- **WORK TO COMPLETE**
Print the following entries without any change.

Dataset items
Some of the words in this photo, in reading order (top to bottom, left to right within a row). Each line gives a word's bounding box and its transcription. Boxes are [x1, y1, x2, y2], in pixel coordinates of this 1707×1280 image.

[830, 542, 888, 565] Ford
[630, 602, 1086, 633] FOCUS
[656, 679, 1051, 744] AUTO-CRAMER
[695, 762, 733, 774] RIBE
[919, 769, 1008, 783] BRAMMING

- **ANSWER BELOW**
Some of the words in this photo, in reading order (top to bottom, left to right within a row). Each line gives a word's bounding box and its transcription. Boxes are [x1, y1, x2, y2], in pixel coordinates of this 1707×1280 image.

[830, 542, 888, 565] Ford
[630, 602, 1086, 633] FOCUS
[656, 679, 1051, 744] AUTO-CRAMER
[695, 762, 733, 774] RIBE
[919, 769, 1008, 783] BRAMMING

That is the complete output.